Your goal: Set down all of the data exactly as it appears.

______

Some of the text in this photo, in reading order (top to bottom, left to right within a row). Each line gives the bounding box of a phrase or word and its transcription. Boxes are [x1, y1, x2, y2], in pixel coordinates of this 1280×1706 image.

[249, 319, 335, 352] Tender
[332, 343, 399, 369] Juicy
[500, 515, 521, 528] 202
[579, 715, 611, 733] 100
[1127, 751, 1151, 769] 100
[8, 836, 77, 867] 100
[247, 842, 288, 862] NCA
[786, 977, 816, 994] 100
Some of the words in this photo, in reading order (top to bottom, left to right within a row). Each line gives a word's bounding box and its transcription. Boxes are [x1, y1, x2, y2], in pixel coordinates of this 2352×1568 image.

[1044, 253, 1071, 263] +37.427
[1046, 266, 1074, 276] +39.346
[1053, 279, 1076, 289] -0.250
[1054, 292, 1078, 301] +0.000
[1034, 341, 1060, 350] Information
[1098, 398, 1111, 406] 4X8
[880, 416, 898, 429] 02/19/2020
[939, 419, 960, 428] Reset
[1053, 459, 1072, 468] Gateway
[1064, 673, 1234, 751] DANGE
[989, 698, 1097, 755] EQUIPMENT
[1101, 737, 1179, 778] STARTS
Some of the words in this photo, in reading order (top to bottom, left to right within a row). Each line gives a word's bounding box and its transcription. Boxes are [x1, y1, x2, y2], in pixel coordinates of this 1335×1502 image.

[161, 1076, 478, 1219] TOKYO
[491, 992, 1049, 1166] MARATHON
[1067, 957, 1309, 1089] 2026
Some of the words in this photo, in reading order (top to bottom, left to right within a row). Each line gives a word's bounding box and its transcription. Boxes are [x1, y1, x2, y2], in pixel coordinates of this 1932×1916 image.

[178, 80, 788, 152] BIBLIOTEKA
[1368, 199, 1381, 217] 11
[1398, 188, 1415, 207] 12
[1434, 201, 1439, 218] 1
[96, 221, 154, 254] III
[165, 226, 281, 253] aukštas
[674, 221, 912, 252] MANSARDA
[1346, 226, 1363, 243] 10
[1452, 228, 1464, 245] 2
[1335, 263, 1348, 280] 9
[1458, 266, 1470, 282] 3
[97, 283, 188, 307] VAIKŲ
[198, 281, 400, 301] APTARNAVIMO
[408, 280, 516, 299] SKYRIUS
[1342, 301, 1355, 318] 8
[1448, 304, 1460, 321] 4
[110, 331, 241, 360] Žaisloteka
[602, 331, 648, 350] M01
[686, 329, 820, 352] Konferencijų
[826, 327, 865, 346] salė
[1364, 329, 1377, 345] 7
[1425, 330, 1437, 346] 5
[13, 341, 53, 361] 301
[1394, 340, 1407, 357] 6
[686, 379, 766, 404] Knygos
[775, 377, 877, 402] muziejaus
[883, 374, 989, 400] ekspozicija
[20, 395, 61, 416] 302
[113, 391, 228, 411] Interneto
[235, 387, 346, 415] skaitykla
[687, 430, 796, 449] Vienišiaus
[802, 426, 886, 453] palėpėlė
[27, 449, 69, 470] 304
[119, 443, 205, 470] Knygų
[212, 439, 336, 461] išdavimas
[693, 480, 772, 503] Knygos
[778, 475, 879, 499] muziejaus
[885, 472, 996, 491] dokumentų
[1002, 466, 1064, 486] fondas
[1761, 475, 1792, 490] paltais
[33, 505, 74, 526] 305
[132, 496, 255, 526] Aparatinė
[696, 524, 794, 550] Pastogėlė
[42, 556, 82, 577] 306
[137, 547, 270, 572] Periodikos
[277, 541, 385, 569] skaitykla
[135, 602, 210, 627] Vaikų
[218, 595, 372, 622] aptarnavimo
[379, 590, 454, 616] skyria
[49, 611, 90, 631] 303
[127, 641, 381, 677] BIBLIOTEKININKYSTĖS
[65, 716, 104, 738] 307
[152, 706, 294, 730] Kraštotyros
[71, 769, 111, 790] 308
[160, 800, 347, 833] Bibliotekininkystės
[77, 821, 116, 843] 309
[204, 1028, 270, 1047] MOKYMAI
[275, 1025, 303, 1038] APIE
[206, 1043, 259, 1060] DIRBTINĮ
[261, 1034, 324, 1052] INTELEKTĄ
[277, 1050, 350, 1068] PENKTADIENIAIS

______

Task response:
Some of the text in this photo, in reading order (top to bottom, left to right within a row). Each line gives the bounding box of a phrase or word and its transcription. Boxes are [x1, y1, x2, y2], in pixel coordinates of this 1280×1706 image.

[249, 319, 335, 352] Tender
[332, 343, 399, 369] Juicy
[500, 515, 521, 528] 202
[579, 715, 611, 733] 100
[1127, 751, 1151, 769] 100
[8, 836, 77, 867] 100
[247, 842, 288, 862] NCA
[786, 977, 816, 994] 100
Some of the words in this photo, in reading order (top to bottom, left to right within a row). Each line gives a word's bounding box and its transcription. Boxes are [x1, y1, x2, y2], in pixel coordinates of this 2352×1568 image.

[1044, 253, 1071, 263] +37.427
[1046, 266, 1074, 276] +39.346
[1053, 279, 1076, 289] -0.250
[1054, 292, 1078, 301] +0.000
[1034, 341, 1060, 350] Information
[1098, 398, 1111, 406] 4X8
[880, 416, 898, 429] 02/19/2020
[939, 419, 960, 428] Reset
[1053, 459, 1072, 468] Gateway
[1064, 673, 1234, 751] DANGE
[989, 698, 1097, 755] EQUIPMENT
[1101, 737, 1179, 778] STARTS
Some of the words in this photo, in reading order (top to bottom, left to right within a row). Each line gives a word's bounding box and its transcription. Boxes are [x1, y1, x2, y2], in pixel coordinates of this 1335×1502 image.

[161, 1076, 478, 1219] TOKYO
[491, 992, 1049, 1166] MARATHON
[1067, 957, 1309, 1089] 2026
Some of the words in this photo, in reading order (top to bottom, left to right within a row). Each line gives a word's bounding box and its transcription. Boxes are [x1, y1, x2, y2], in pixel coordinates of this 1932×1916 image.

[178, 80, 788, 152] BIBLIOTEKA
[1368, 199, 1381, 217] 11
[1398, 188, 1415, 207] 12
[1434, 201, 1439, 218] 1
[96, 221, 154, 254] III
[165, 226, 281, 253] aukštas
[674, 221, 912, 252] MANSARDA
[1346, 226, 1363, 243] 10
[1452, 228, 1464, 245] 2
[1335, 263, 1348, 280] 9
[1458, 266, 1470, 282] 3
[97, 283, 188, 307] VAIKŲ
[198, 281, 400, 301] APTARNAVIMO
[408, 280, 516, 299] SKYRIUS
[1342, 301, 1355, 318] 8
[1448, 304, 1460, 321] 4
[110, 331, 241, 360] Žaisloteka
[602, 331, 648, 350] M01
[686, 329, 820, 352] Konferencijų
[826, 327, 865, 346] salė
[1364, 329, 1377, 345] 7
[1425, 330, 1437, 346] 5
[13, 341, 53, 361] 301
[1394, 340, 1407, 357] 6
[686, 379, 766, 404] Knygos
[775, 377, 877, 402] muziejaus
[883, 374, 989, 400] ekspozicija
[20, 395, 61, 416] 302
[113, 391, 228, 411] Interneto
[235, 387, 346, 415] skaitykla
[687, 430, 796, 449] Vienišiaus
[802, 426, 886, 453] palėpėlė
[27, 449, 69, 470] 304
[119, 443, 205, 470] Knygų
[212, 439, 336, 461] išdavimas
[693, 480, 772, 503] Knygos
[778, 475, 879, 499] muziejaus
[885, 472, 996, 491] dokumentų
[1002, 466, 1064, 486] fondas
[1761, 475, 1792, 490] paltais
[33, 505, 74, 526] 305
[132, 496, 255, 526] Aparatinė
[696, 524, 794, 550] Pastogėlė
[42, 556, 82, 577] 306
[137, 547, 270, 572] Periodikos
[277, 541, 385, 569] skaitykla
[135, 602, 210, 627] Vaikų
[218, 595, 372, 622] aptarnavimo
[379, 590, 454, 616] skyria
[49, 611, 90, 631] 303
[127, 641, 381, 677] BIBLIOTEKININKYSTĖS
[65, 716, 104, 738] 307
[152, 706, 294, 730] Kraštotyros
[71, 769, 111, 790] 308
[160, 800, 347, 833] Bibliotekininkystės
[77, 821, 116, 843] 309
[204, 1028, 270, 1047] MOKYMAI
[275, 1025, 303, 1038] APIE
[206, 1043, 259, 1060] DIRBTINĮ
[261, 1034, 324, 1052] INTELEKTĄ
[277, 1050, 350, 1068] PENKTADIENIAIS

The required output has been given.